Die Realität war und ist jedoch immer anders: Laut EU-Daten beträgt das Lohngefälle zwischen Männern und Frauen derzeit
immer noch rund 14 Prozent.
Der jüngste Vorschlag der Kommission (KOM/2021/93) hat drei Ziele: Die Schaffung von Lohntransparenz, die
Konkretisierung von Schlüsselbegriffen der Lohngleichheit in der Praxis und die Schaffung von Durchsetzungsmechanismen
im Interesse der Arbeitnehmer.
Die Arbeitsplatzbewertung als Mittel der Wahl zieht sich durch den gesamten Entwurf.

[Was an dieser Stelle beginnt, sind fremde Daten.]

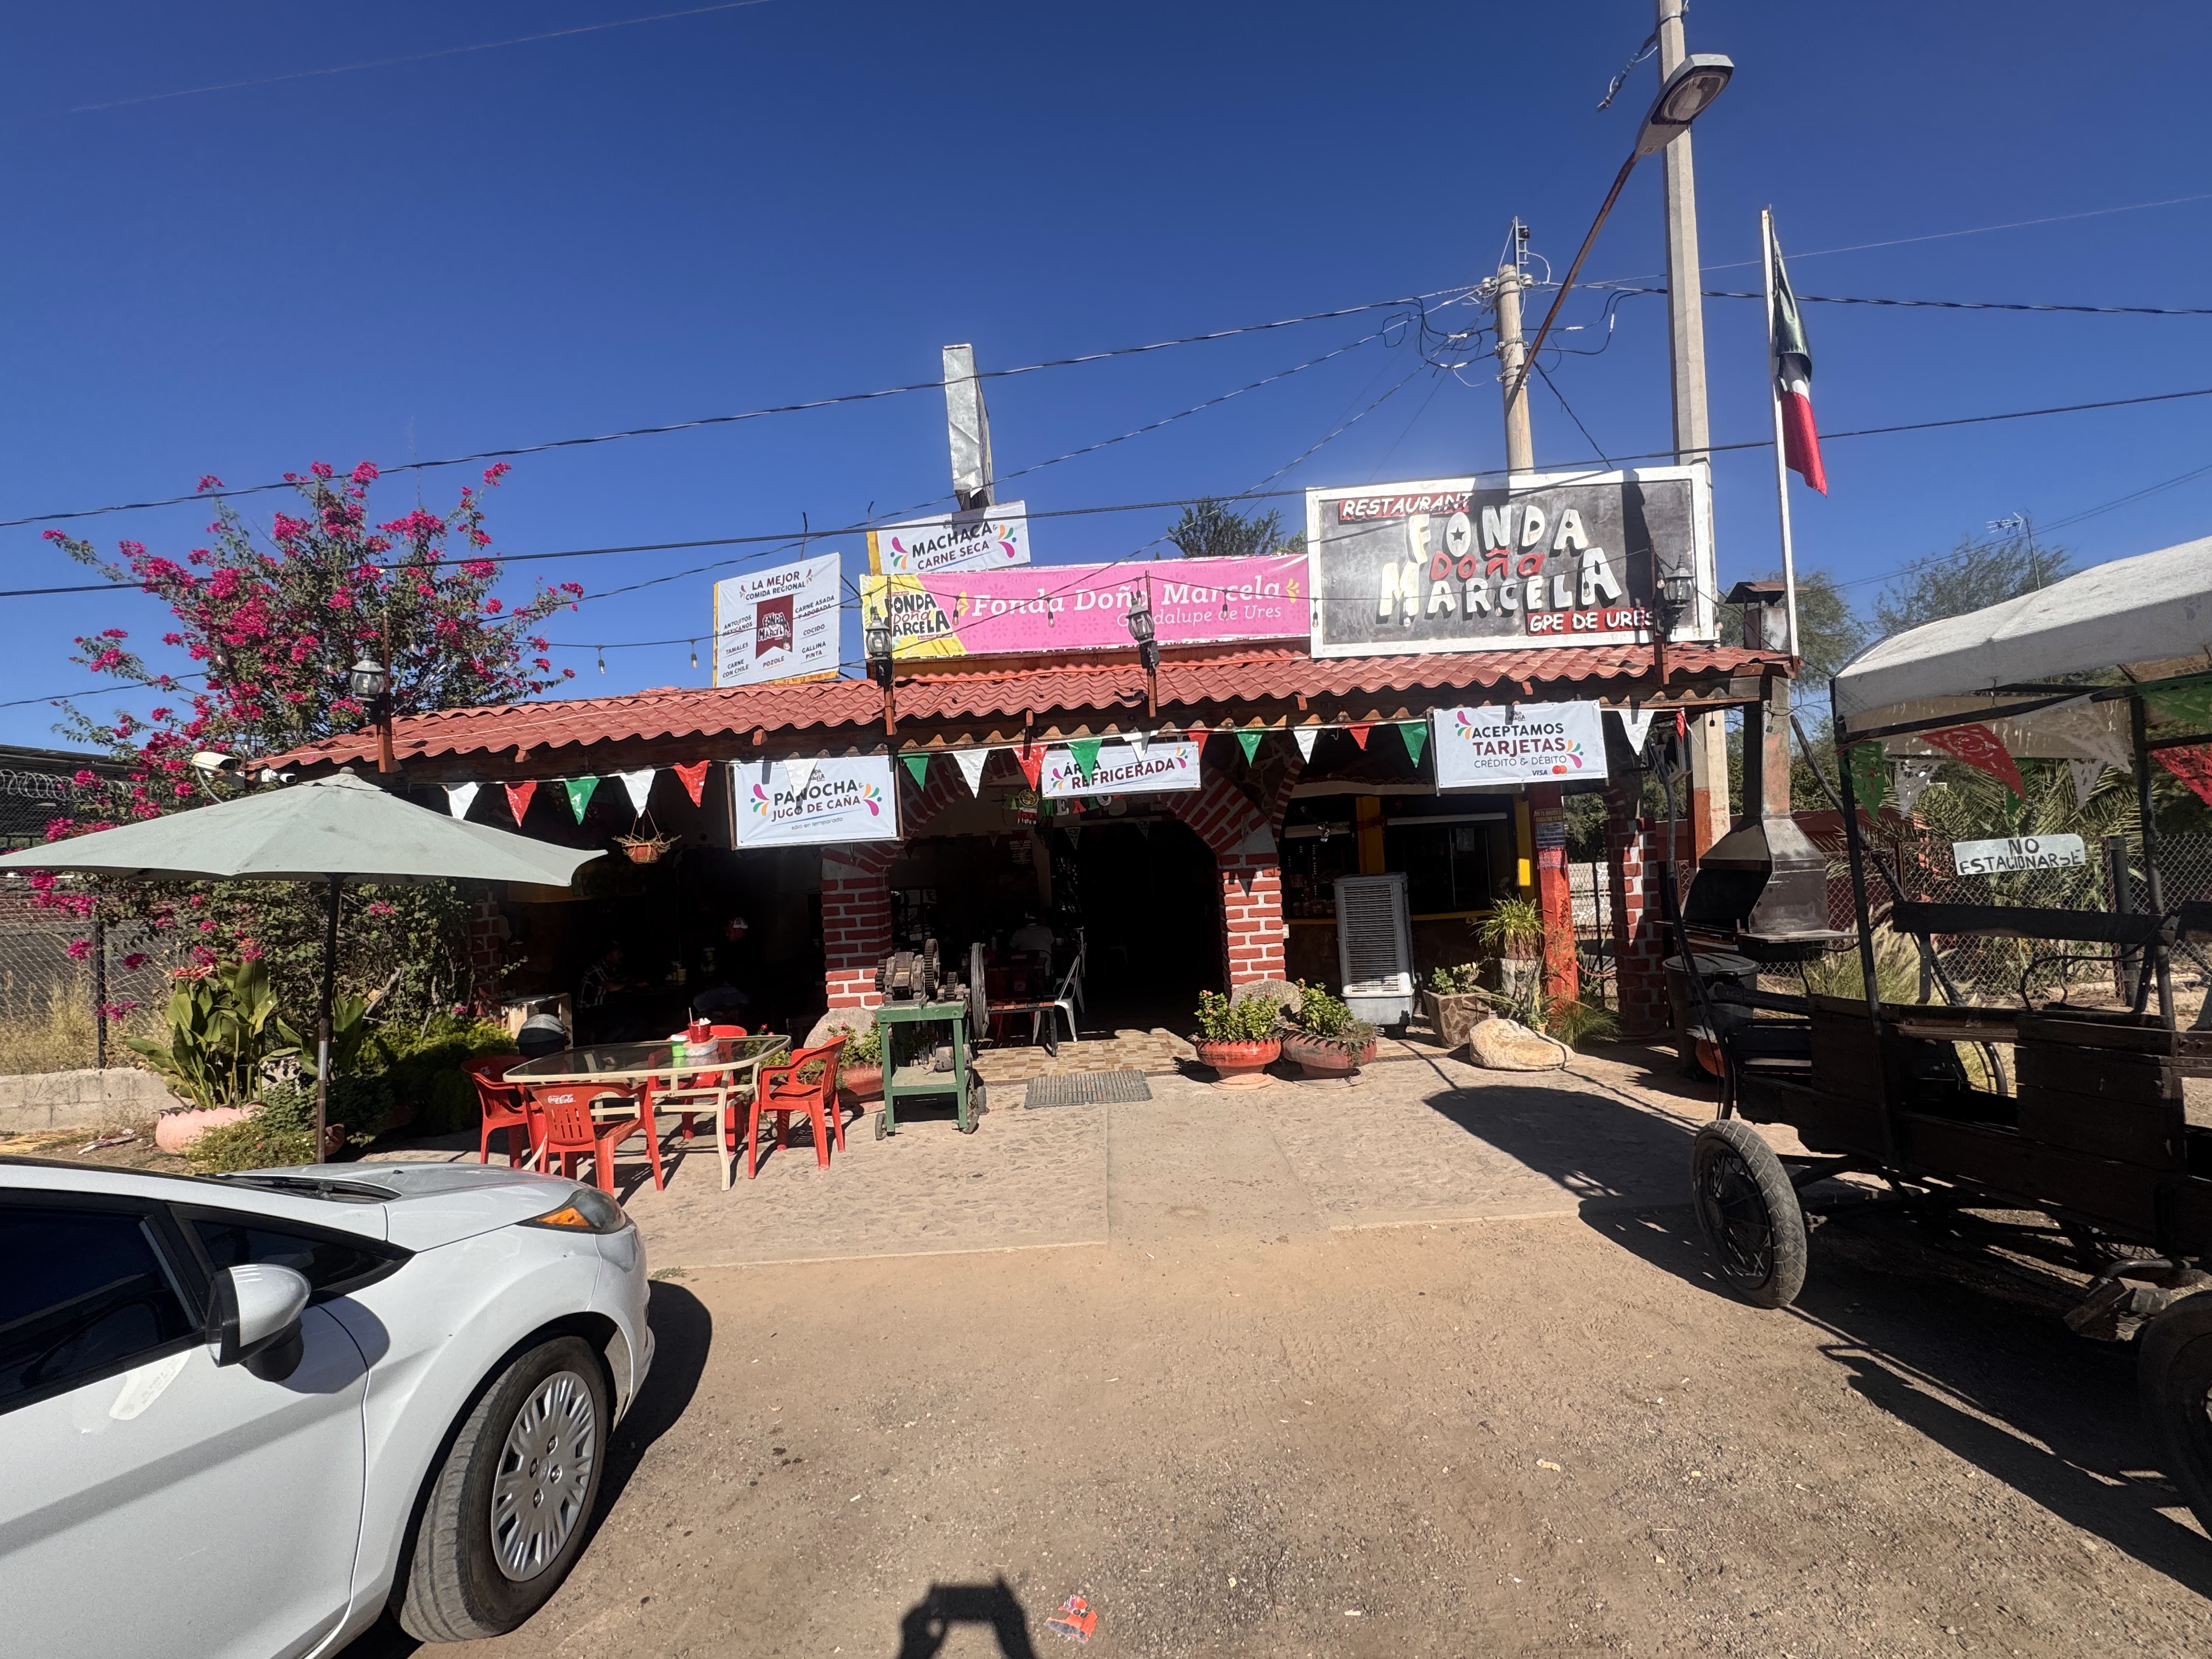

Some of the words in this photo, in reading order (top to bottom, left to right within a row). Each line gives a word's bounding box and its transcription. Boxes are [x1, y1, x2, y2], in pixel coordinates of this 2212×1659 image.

[1342, 493, 1474, 516] RESTAURANT
[912, 521, 992, 558] MACHACA
[1407, 505, 1589, 564] FONDA
[917, 550, 956, 570] CARNE
[960, 540, 990, 557] SECA
[752, 581, 764, 590] LA
[767, 571, 800, 586] MEJOR
[1379, 548, 1622, 617] MARCELA
[746, 589, 770, 601] COMIDA
[772, 582, 806, 594] REGIONAL
[972, 589, 1065, 617] Fonda
[1161, 575, 1282, 606] Marcela
[795, 602, 814, 613] CARNE
[815, 595, 834, 607] ASADA
[724, 615, 752, 630] ANTOJITOS
[884, 610, 950, 636] ARCELA
[1117, 608, 1212, 627] Gdalupe
[1244, 605, 1282, 619] Ures
[1530, 613, 1564, 631] GPE
[1572, 612, 1598, 629] DE
[1606, 610, 1654, 628] URES
[803, 624, 825, 635] COCIDO
[726, 642, 748, 654] TAMALES
[802, 641, 826, 653] GALLINA
[805, 650, 822, 659] PINTA
[727, 659, 744, 669] CARNE
[735, 664, 749, 675] CHILE
[763, 656, 785, 668] POZOLE
[1472, 723, 1564, 738] ACEPTAMOS
[1472, 737, 1566, 757] TARJETAS
[1064, 759, 1102, 777] ÁRA
[1474, 757, 1516, 768] CRÉDITO
[1531, 754, 1566, 765] DÉBITO
[1071, 758, 1175, 789] REFRIGERADA
[774, 779, 857, 806] PANOCHA
[771, 805, 803, 822] JUGO
[807, 802, 823, 813] DE
[827, 795, 861, 809] CAÑA
[2007, 838, 2040, 856] NO
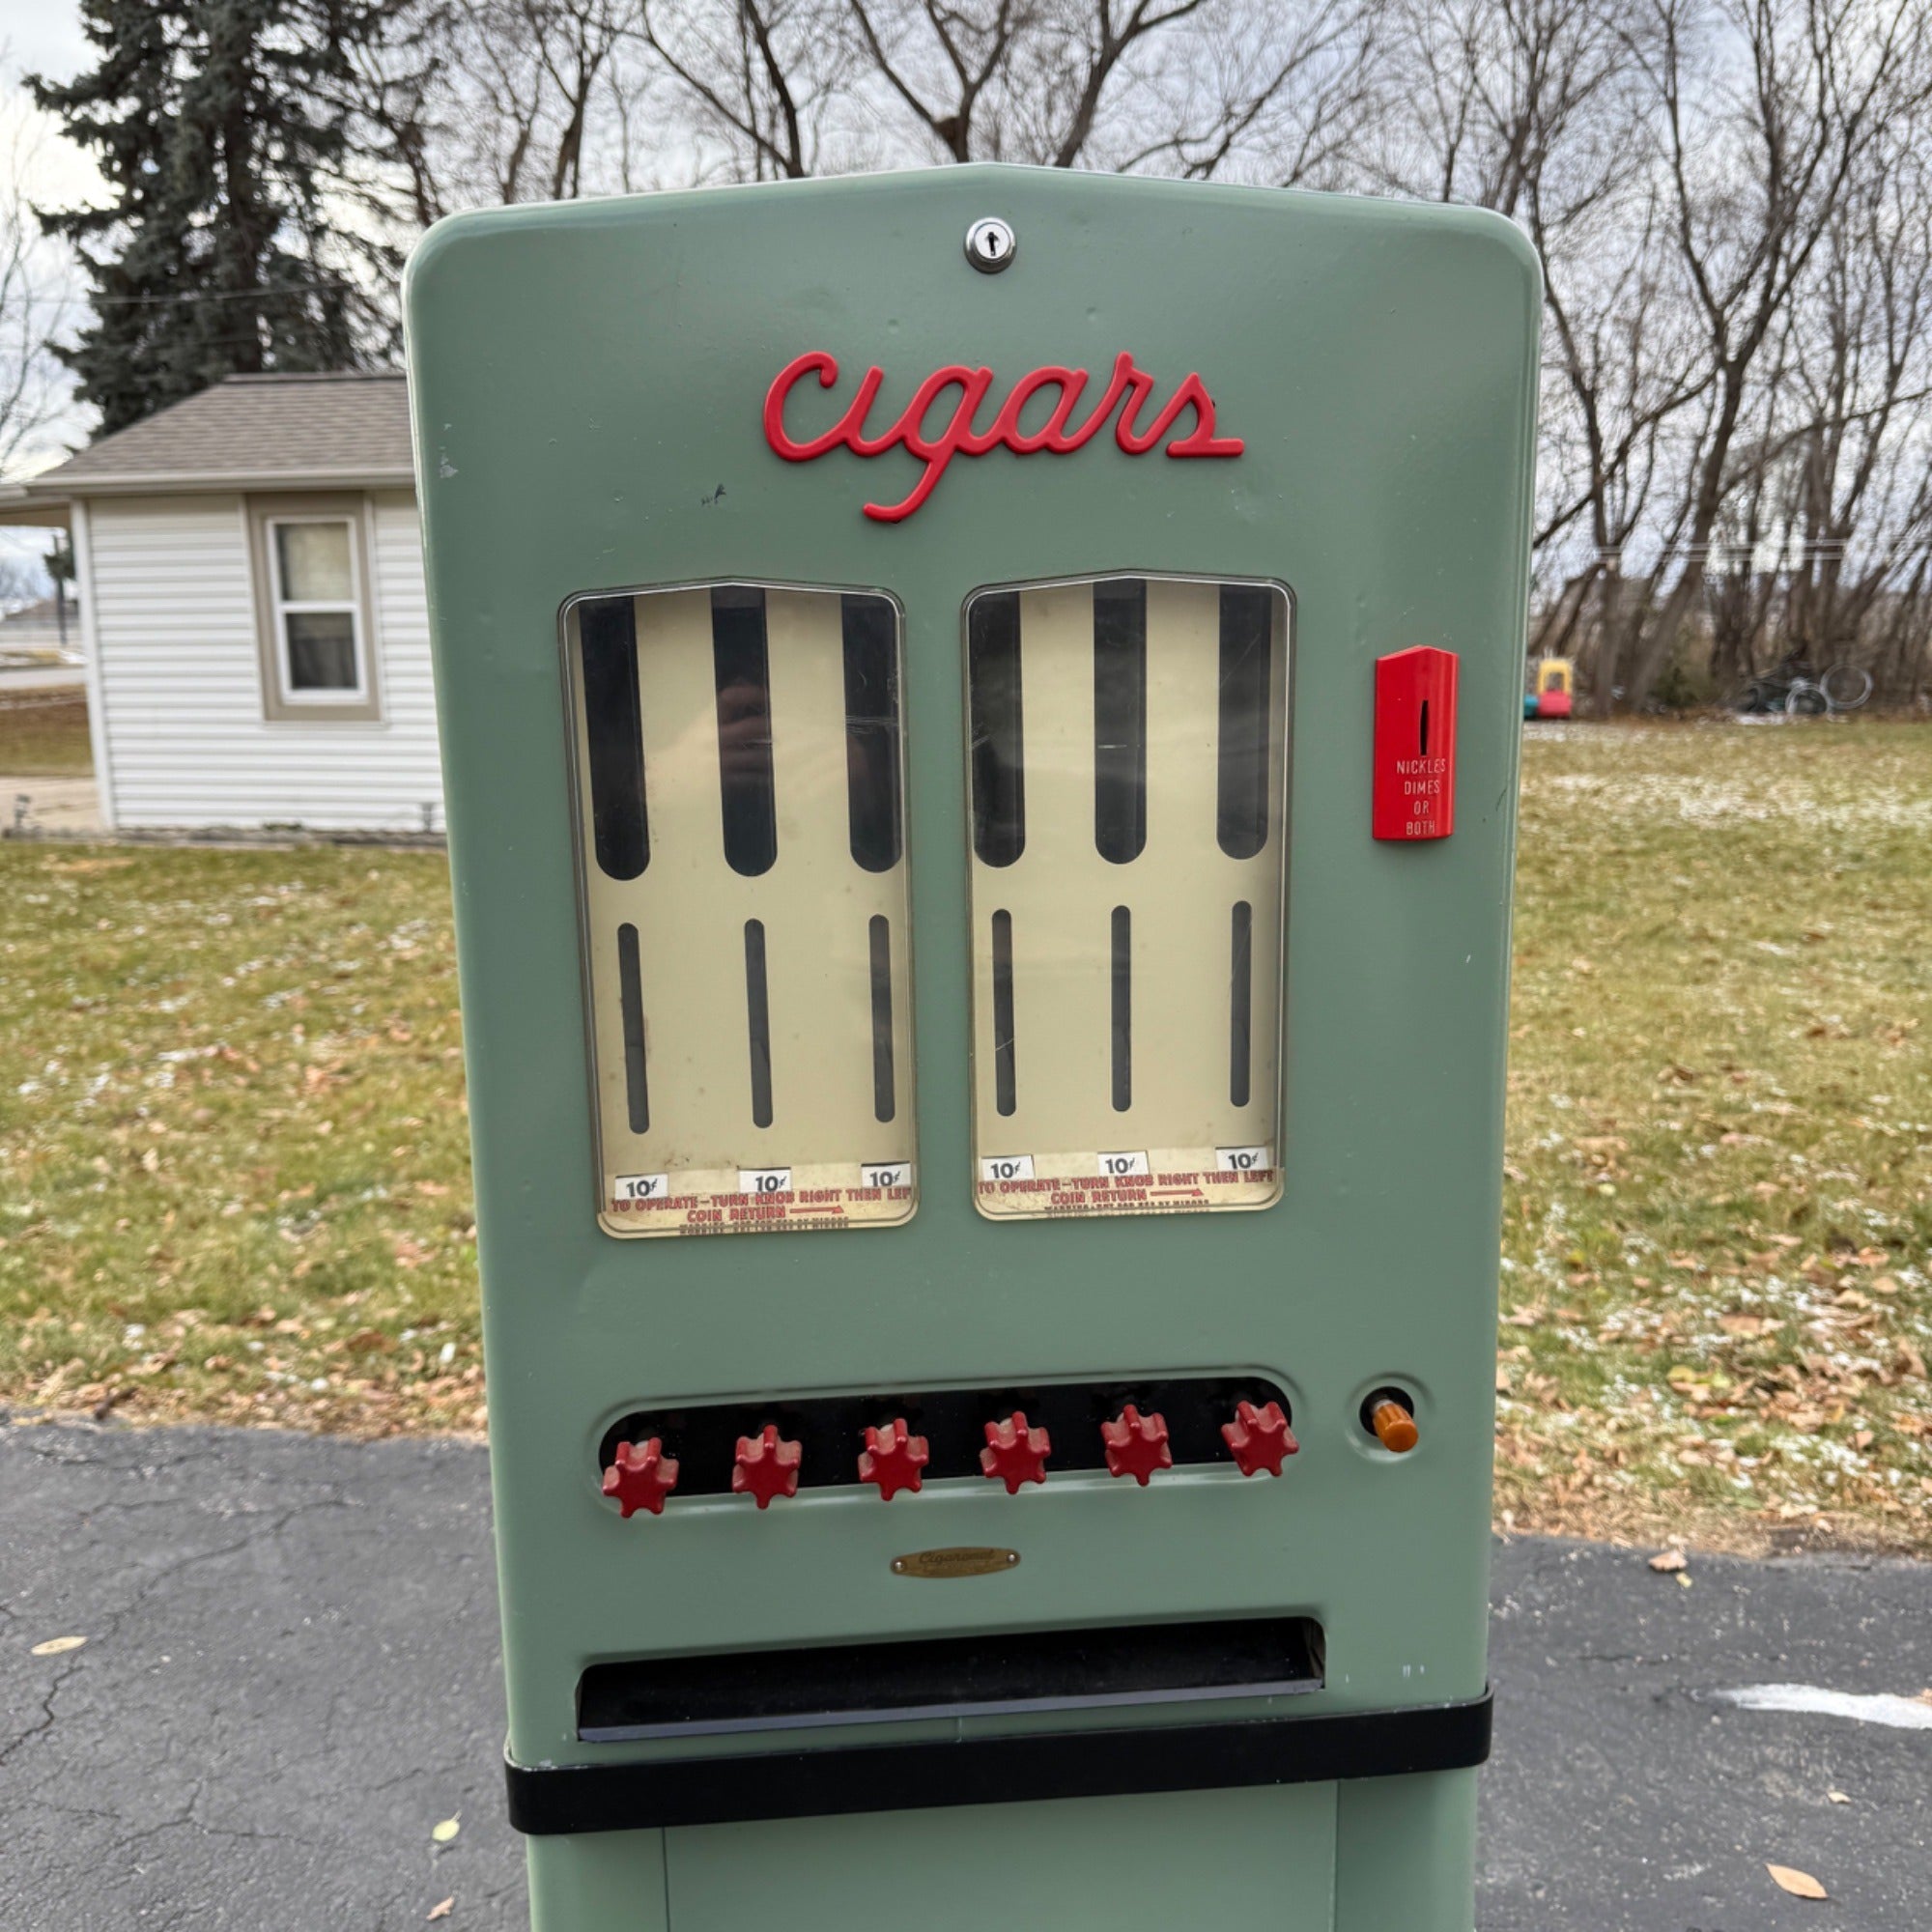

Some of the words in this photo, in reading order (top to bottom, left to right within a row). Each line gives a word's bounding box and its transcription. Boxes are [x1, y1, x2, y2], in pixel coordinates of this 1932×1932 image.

[1396, 758, 1446, 775] NICKLES
[1404, 780, 1440, 795] DIMES
[1413, 800, 1430, 815] OR
[1406, 820, 1435, 836] BOTH
[978, 1180, 995, 1195] TO
[1115, 1174, 1153, 1188] KNOB
[1157, 1172, 1199, 1186] RIGHT
[1203, 1170, 1238, 1184] THEN
[1243, 1169, 1273, 1183] LEFT
[611, 1199, 631, 1212] TO
[754, 1191, 795, 1206] KNOB
[799, 1189, 842, 1203] RIGHT
[846, 1187, 881, 1202] THEN
[887, 1187, 912, 1200] LEF
[1050, 1191, 1086, 1206] COIN
[1092, 1187, 1148, 1204] RETURN
[687, 1208, 723, 1223] COIN
[729, 1206, 785, 1221] RETURN

Dabei wird Lohngleichheit nicht als gleiches Entgelt für alle verstanden. Vielmehr müssen "etwaige Gehaltsunterschiede
auf objektiven, geschlechtsneutralen Kriterien beruhen". Diese Kriterien bilden auch die Grundlage für die Bewertung
gleichwertiger Arbeit. Die Kommission nennt hier "Bildungs-, Ausbildungs- und Berufsanforderungen, Qualifikationen,
Arbeitsbelastung und Verantwortung, geleistete Arbeit und die Art der Aufgaben".
Es scheint auch ein breiter Konsens darüber zu bestehen, dass die Arbeitsbewertung analytisch, gründlich und objektiv
sein sollte, was sich positiv auf die Qualität der weit verbreiteten Bewertungs- und (tariflichen) Einstufungsverfahren
auswirken könnte.
Die Lohngleichheit im Vereinigten Königreich wird durch das Gleichstellungsgesetz von 2010 geregelt, wobei 2017
Vorschriften zur Berichterstattung über das geschlechtsspezifische Lohngefälle eingeführt wurden. Seitdem müssen alle
Unternehmen mit mehr als 250 Beschäftigten ihr geschlechtsspezifisches Lohngefälle auf ihrer eigenen Website und
gegenüber der Regierung offenlegen. Organisationen, die keine zufriedenstellende Erklärung für ein Lohngefälle liefern
können, drohen unbegrenzte Geldstrafen.
In den USA ist das maßgebliche Bundesgesetz zur Lohngleichheit der Equal Pay Act von 1963, ein Gesetz, das die
geschlechtsspezifische Lohndiskriminierung zwischen Männern und Frauen in derselben Organisation verbietet. Es besteht
keine Pflicht zur Meldung von Lohndaten, aber der Lilly Ledbetter Fair Pay Act bedeutet, dass jeder Lohnscheck, der eine
Lohndiskriminierung enthält, einen separaten, neuen Verstoß darstellt - was es für die Beschäftigten einfacher macht,
Klage zu erheben.
In Spanien tritt das Dekret 902/2020 im April 2021 in Kraft und verpflichtet die Unternehmen, ein jährliches
Vergütungsregister zu führen, das alle Mitarbeiter - einschließlich der Führungskräfte und leitenden Angestellten -
erfasst. Es muss Daten zum Durchschnitts- und Mediangehalt (für die 30 am häufigsten verwendeten Gehaltsarten),
aufgeschlüsselt nach Geschlecht, zu den Zusatzleistungen, aufgeschlüsselt nach Geschlecht, und zur entsprechenden
beruflichen Einstufung enthalten. Jedes geschlechtsspezifische Lohngefälle von mehr als 25 % muss erläutert werden.